# Is hypertension a ground for Visa rejection?



## samheadrush (Jul 2, 2008)

Hi All 

I have to apply for an Australia 457 - Temporary Business Visa. 

I have been detected with Hypertension (High Blood Pressure) and have been undertaking medication for the same, I wanted to know if my Visa can be rejected on this ground. Should this information be disclosed at all during the course of medical examination? 

Please advice! 

Thanks and Regards, 
Sam


----------



## Dolly (Feb 17, 2008)

Hi there Sam,

I've had hytertension for 3 years now and it's being kept under control by medication. At my medical, I took a letter from my doctor to say that it's under control. The medical doc took blood pressure and was satisfied with the readings.
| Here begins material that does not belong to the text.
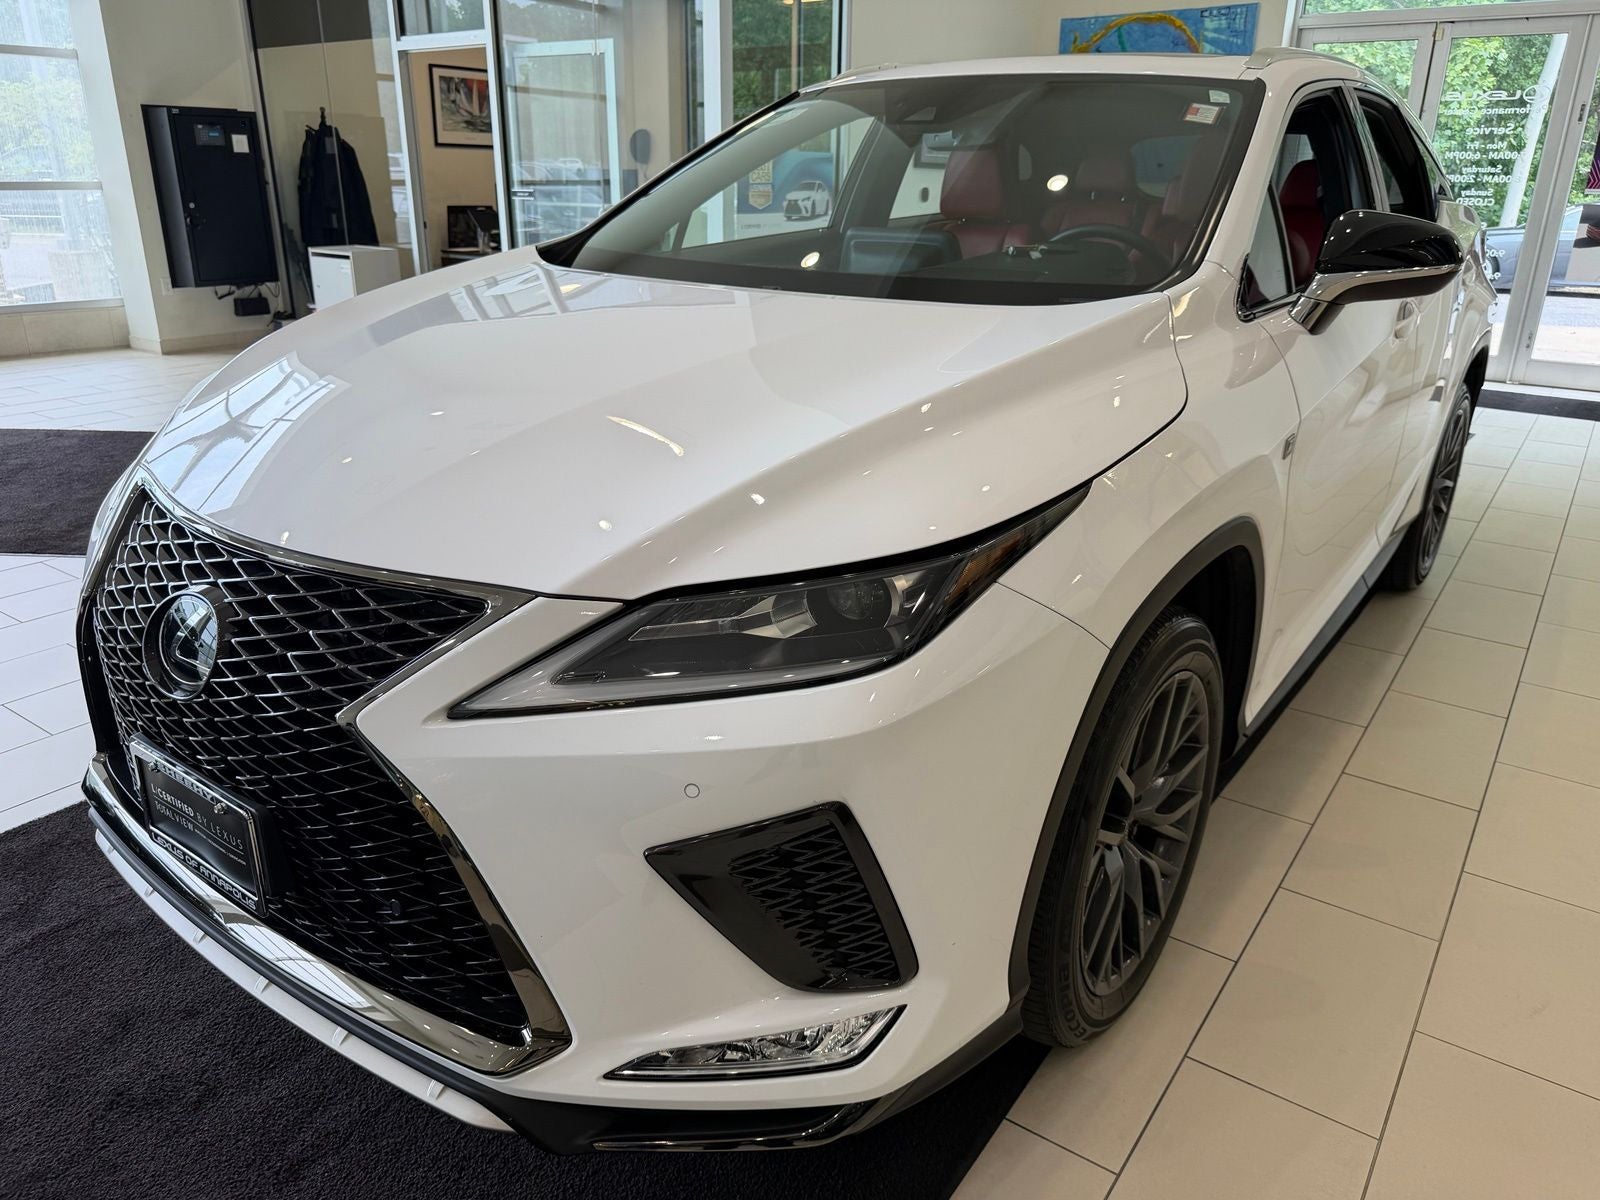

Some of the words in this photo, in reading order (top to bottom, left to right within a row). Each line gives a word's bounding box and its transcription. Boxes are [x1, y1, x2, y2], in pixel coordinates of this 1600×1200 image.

My husband on the other hand had his blood pressure checked and it was high so he ended up having to do numerous tests via a consultant (over Christmas I might add)..but all came back OK. He was prescribed medication and eventually passed the medical.

As long as the doctor doing your medical can see that it's being managed OK, there shouldn't be a problem.

Dolly

PS I'd been worrying for months and months and months about the medical. I was fine and it was my husband that was a bit of a problem


----------



## samheadrush (Jul 2, 2008)

*Thanks a lot!*

Hi Dolly, 

Thanks a lot for your inputs, will certainly do the same and hopefully it should work out fine. 

Thanks a ton!! 

Regards, 
Sam


----------



## Tiffani (Dec 4, 2007)

I wouldn't expect so, as long as it's manageable as Dolly said. The main concerns they seem to have are TB and HIV. 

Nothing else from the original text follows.